Lors de la 43e édition des Rendez-vous Québec Cinéma, le réalisateur de Viking a déroulé le fil de ses souvenirs en compagnie de la journaliste Ariane Cipriani.
Apprendre le métier
L’université, j’ai trouvé ça dur. J’arrivais du cégep, en cinéma, et j’avais l’impression de tout recommencer. [...] Ce que j’en retiens, ce sont les rencontres. Avec des gens qui aiment les mêmes affaires que toi. Ça, c’est précieux. Parfois, je pense que c’est plus riche que ce qu’on apprend dans certains cours.
Le choc Léolo
J’ai des souvenirs de programmes doubles au cinéma Rex à Saint-Jérôme, de ciné-parcs et de mes premières cassettes VHS. Je me rappelle avoir regardé Jaws souvent à la télé. Le point tournant, en fait, a été Léolo de Jean-Claude Lauzon. Quand j’ai vu ce film, j’ai compris qu’il y avait quelqu’un derrière la caméra qui avait écrit le scénario, qui me transmettait tout son univers à travers plein de choix. Je me suis rendu compte que ce médium englobait tout ce que j’aimais, c’est-à-dire l’image, le son, la musique, sans être obligé d’être devant la caméra.
L’accident de parcours
La musique, pour moi, c'est un accident de parcours. Je n’ai aucune formation. Quand j'ai rencontré Joël [Vaudreuil], le drummer, je grattais dans ma chambre, j’avais trois tunes, mais les autres n’avaient pas de formation non plus. On [Joël et moi] s'était rencontrés au travail. Moi, je montais, puis il était assistant-monteur à cette époque. Il m'a dit : « viens pratiquer avec moi les samedis. » Puis ça a commencé. Je dois beaucoup à Joël Vaudreuil. J’ai eu longtemps le sentiment d’être un imposteur.
L’expérience
Je pense que j’étais plus rigide au début parce que j’étais plus inquiet. Là, je suis capable de me réajuster le matin même. Je ne veux pas me retrouver dans une situation où j’ai 25 personnes, les bras croisés, qui me regardent et attendent de voir ce que je vais faire. J’aime arriver préparé, avec Sara Mishara, sur les plateaux. On va sur les lieux avant le tournage. On fait notre découpage ensemble. Ça se peut qu'on réajuste, évidemment, mais on a déjà une bonne idée de ce qu'on veut. On ne se parle pas beaucoup pendant le tournage, parce qu’il y a tellement eu de préparation avant.
La multidisciplinarité
Faire tous ces métiers me permet de ne jamais vraiment me tanner d'aucun. C’est une façon de cultiver le plaisir. Travailler sur les projets des autres, ça fait du bien. C'est de la création en jachère.
Le montage
La meilleure leçon de cinéma, c’est de monter le film de quelqu’un d’autre. Tu vois tous les bons coups, les mauvais coups, le découpage, le temps qui est mis sur chaque détail. Je plonge dans des styles qui ne sont pas les miens. J’aime une sorte de collaboration hybride [avec le réalisateur ou la réalisatrice]. Je n’aime pas qu’on me garroche le matériel. Je veux qu'il y ait un dialogue. J'aime avoir de l'espace créatif.

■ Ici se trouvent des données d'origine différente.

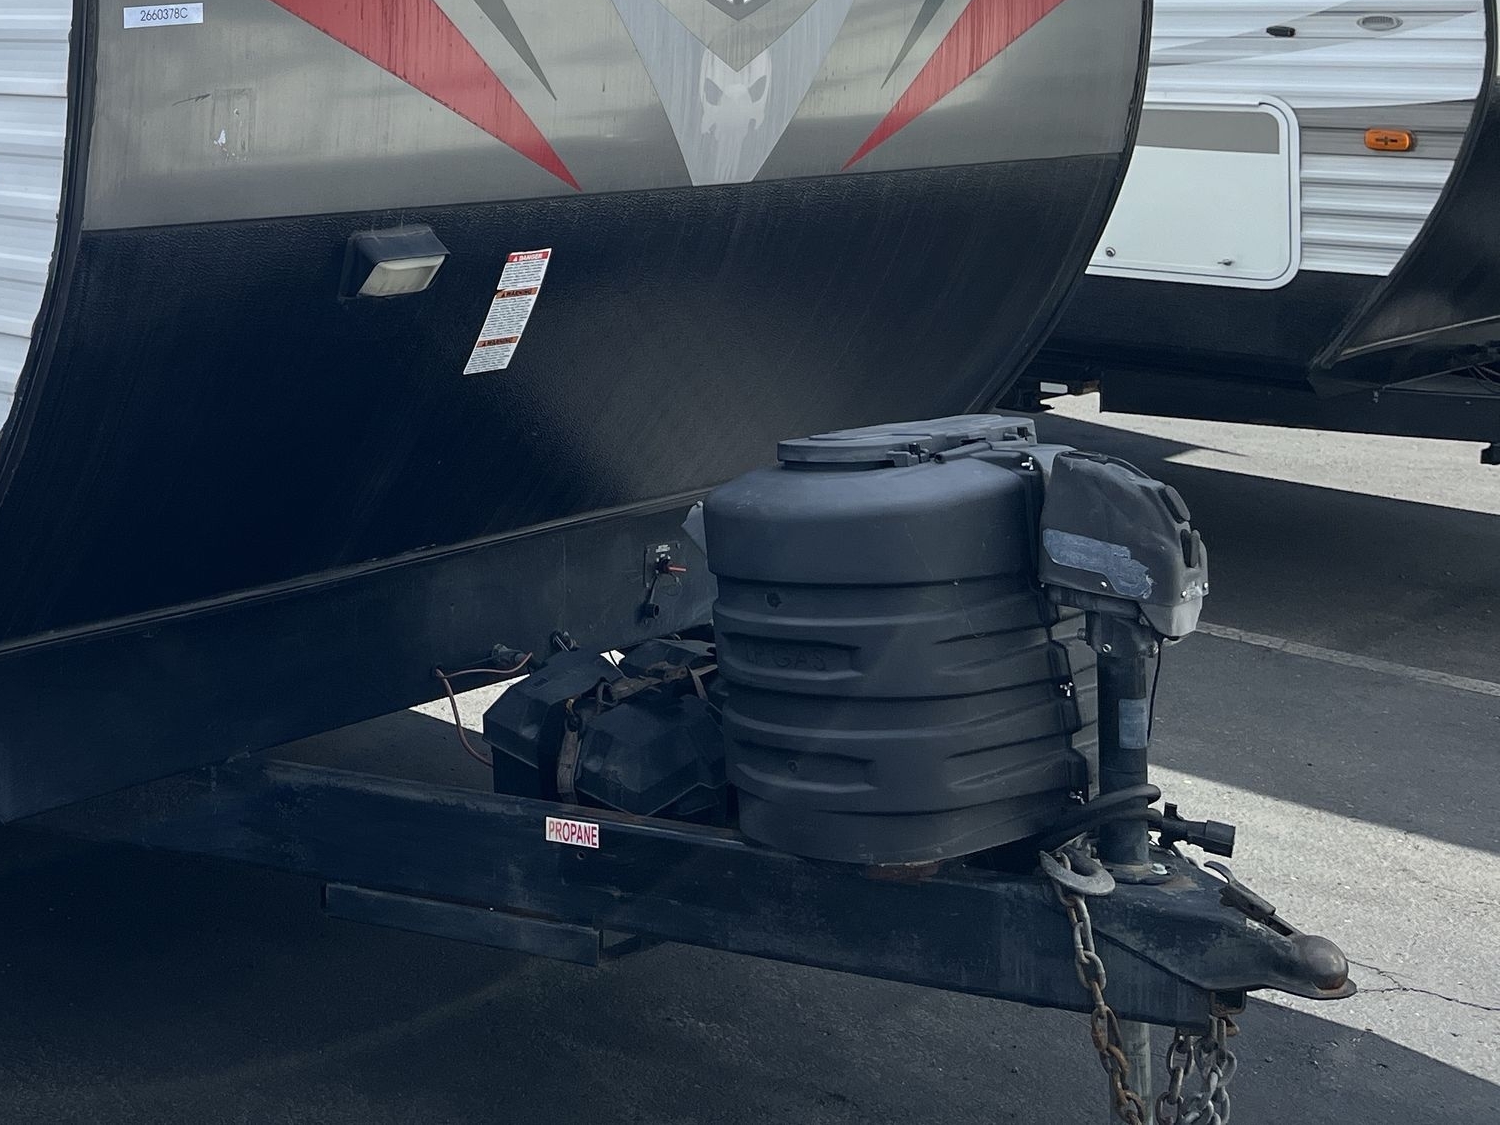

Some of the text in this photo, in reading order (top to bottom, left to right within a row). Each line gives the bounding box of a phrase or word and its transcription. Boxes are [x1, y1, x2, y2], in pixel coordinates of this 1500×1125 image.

[140, 6, 189, 22] 2660378C
[518, 252, 543, 261] DANGER
[548, 820, 598, 847] PROPANE

Les 8 ans qui séparent ses deux derniers films
Entre Tu dors Nicole et Viking, je me suis enfargé les pieds dans l’adaptation d’un roman. J'y ai mis 5 ans et écrit 28 versions. J'ai frôlé la déprime. Honnêtement, j'ai failli arrêter de faire ce métier. Après, je ne me sentais vraiment pas très bon. J'avais l’idée de Viking, le début et la fin. Il y avait tellement de possibilités avec ce concept, c'était tellement facile de se perdre. Comme j’avais été fragilisé par l'autre projet, j'ai demandé à mon ami Éric [K. Boulianne] de lire le scénario. À partir du moment où il a embarqué, tout a changé. En six mois, on avait une version 2, alors que je travaillais sur la version 1 depuis cinq ans.